Brüssel/Genf - Die tschechische EU-Ratspräsidentschaft hat die vom neuen US-Präsidenten Barack Obama angeordnete Schließung des Gefangenenlagers Guantanamo begrüßt. Die Schließung des Lagers und das Verbot harter Methoden beim Verhör von Terrorverdächtigen sei eine Entscheidung von "großer symbolischer Bedeutung", hieß es in einer am Donnerstag veröffentlichten Erklärung. Dadurch werde die transatlantische Zusammenarbeit bei der Terror-Bekämpfung und in Sicherheitsfragen gestärkt.

"Äußerst ermutigend"

Die UN-Hochkommissarin für Menschenrechte, Navi Pillay, bezeichnete die Anordnungen des neuen US-Präsidenten als "äußerst ermutigend". Die unschuldig in Guantanamo einsitzenden Häftlinge müssten unverzüglich freigelassen und für die Jahre der Haft angemessen entschädigt werden, erklärte Pillay am Donnerstag in Genf. Die als schuldig angesehenen Gefangenen hätten das Recht auf einen raschen und gerechten Prozess. Obama hatte zuvor die Schließung des Gefangenenlagers Guantanamo binnen eines Jahres angeordnet. Zudem untersagte er die Anwendung umstrittener Verhörmethoden. Mit sofortiger Wirkung befahl Obama zudem die Schließung aller CIA-Geheimgefängnisse.
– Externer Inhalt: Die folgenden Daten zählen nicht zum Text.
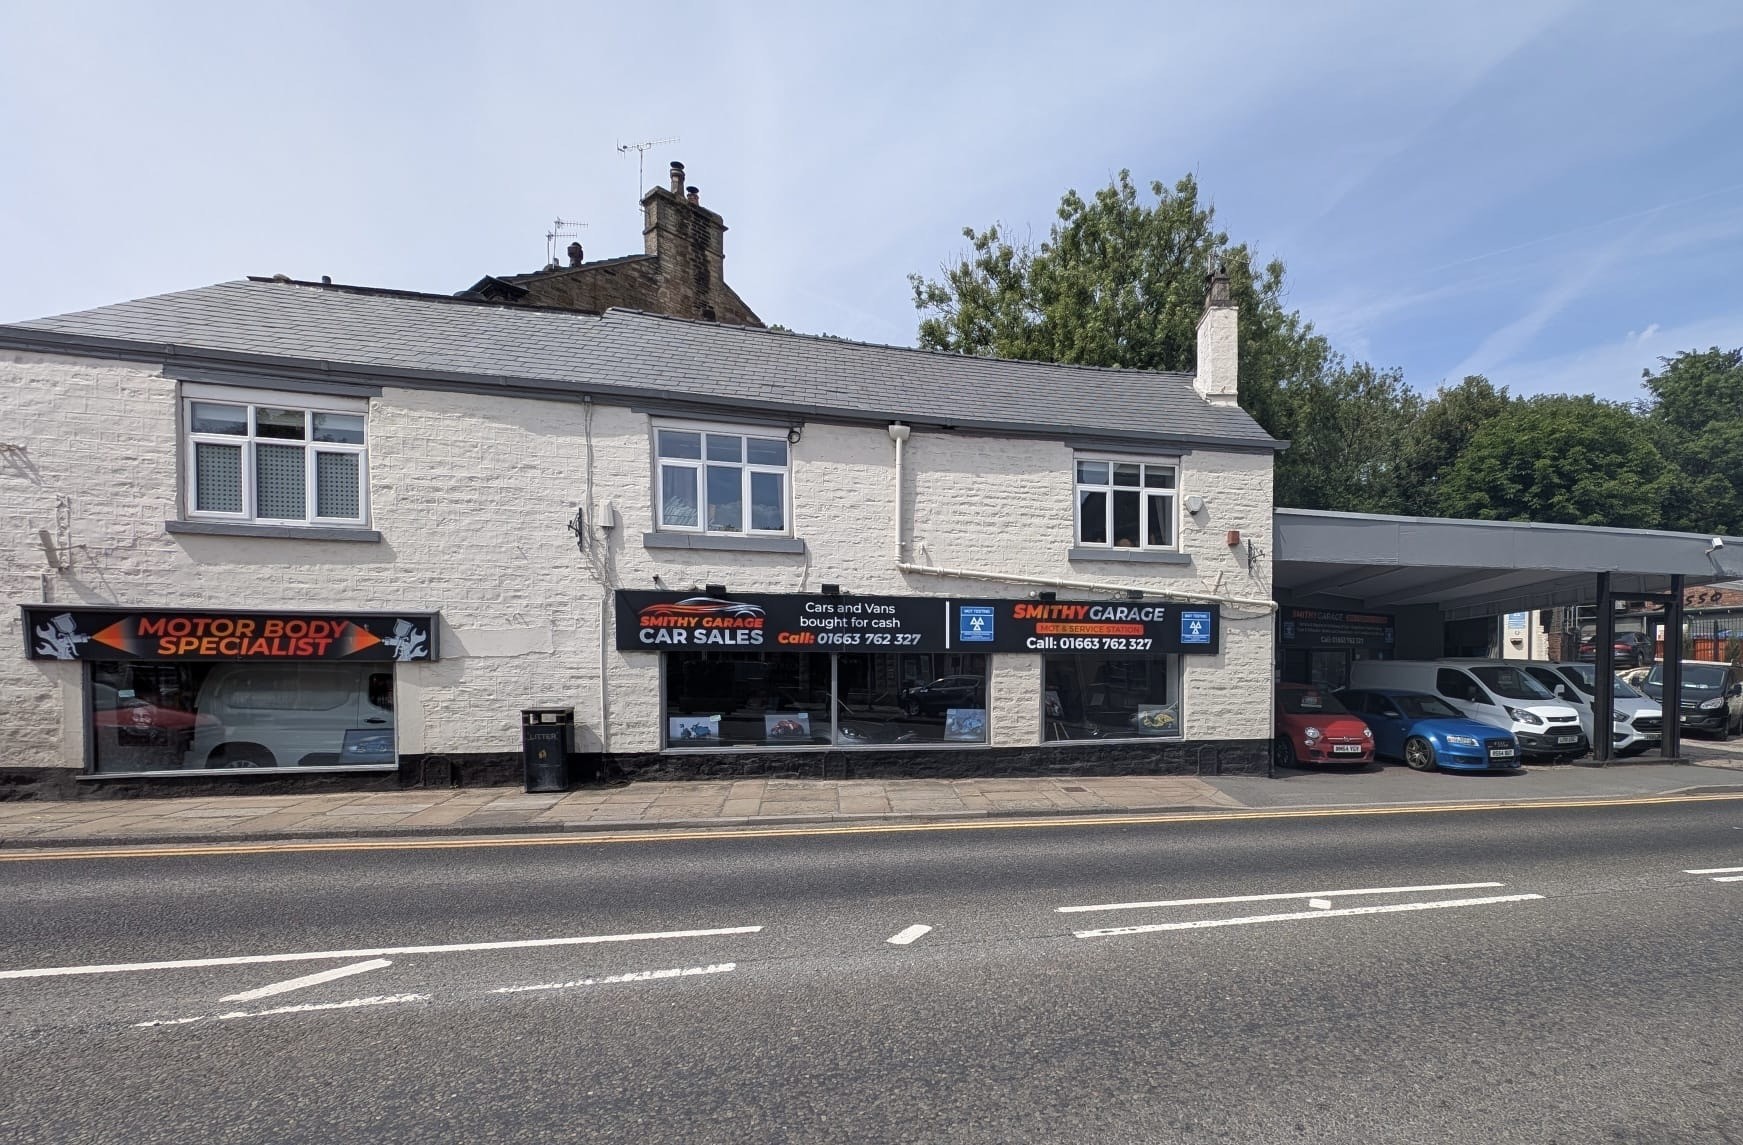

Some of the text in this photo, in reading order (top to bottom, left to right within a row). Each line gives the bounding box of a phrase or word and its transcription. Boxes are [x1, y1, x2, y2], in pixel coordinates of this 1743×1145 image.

[805, 601, 895, 614] Cars and Vans
[1013, 603, 1165, 622] SMITHY GARAGE
[138, 618, 349, 639] MOTOR BODY
[640, 616, 764, 628] SMITHY GARAGE
[800, 616, 901, 629] bought for cash
[1040, 625, 1140, 634] MOT & SERVICE STATION
[639, 629, 764, 645] CAR SALES
[778, 632, 922, 645] Call: 01663 762 327
[157, 637, 333, 656] SPECIALIST
[1026, 637, 1153, 651] Call: 01663 762 327
[528, 732, 557, 741] LITTER
Verfahren gegen einen Kanadier

Die kanadische Regierung begrüßte die angeordnete Schließung des umstrittenen US-Gefangenenlagers auf Kuba ebenfalls, forderte jedoch eine Fortsetzung des ausgesetzten Prozesses gegen den dort einsitzenden Kanadier Omar Khadr. Außenminister Lawrence Cannon sagte dem öffentlichen Rundfunksender Radio-Canada am Donnerstag, Khadr habe ein "sehr schweres Verbrechen" begangen. Der Prozess gegen den aus Toronto stammenden Kanadier müsse fortgesetzt werden.

Einer Anweisung Obamas folgend hatte ein Militärrichter im US-Gefangenenlager Guantanamo das Verfahren gegen den Kanadier am Mittwoch für 120 Tage ausgesetzt. Khadr war 2002 im Alter von 15 Jahren in Afghanistan unter Terrorverdacht festgenommen und nach Guantanamo gebracht worden, wo er noch immer inhaftiert ist. Ihm wird vorgeworfen, in Afghanistan einen US-Soldaten getötet zu haben.

Der Schweizer Europaratsabgeordnete und Menschenrechtler Dick Marty begrüßte die Entscheidung der neuen US-Regierung, alle geheimen CIA-Gefängnisse im Ausland zu schließen. Er erwarte, dass jetzt nach und nach weitere Informationen zu Geheimgefängnissen in Europa bekannt würden, sagte Marty am Donnerstag der Nachrichtenagentur AP.

"Für einige Länder werden die Dinge jetzt sehr peinlich"

Der Schweizer Politiker wurde 2005 vom Europarat beauftragt, Hinweise auf geheime Gefangenentransporte und Gefängnisse des US-Geheimdienstes CIA zu untersuchen. In seinem Bericht kam der Schweizer Diplomat zu dem Schluss, dass es in mehreren Ländern wie Polen und Rumänien solche Gefängnisse gab. Die Gefangenen wurden dort demnach meist gefesselt, nackt und isoliert festgehalten. Eine solche Behandlung widerspricht der Europäischen Menschenrechtskonvention.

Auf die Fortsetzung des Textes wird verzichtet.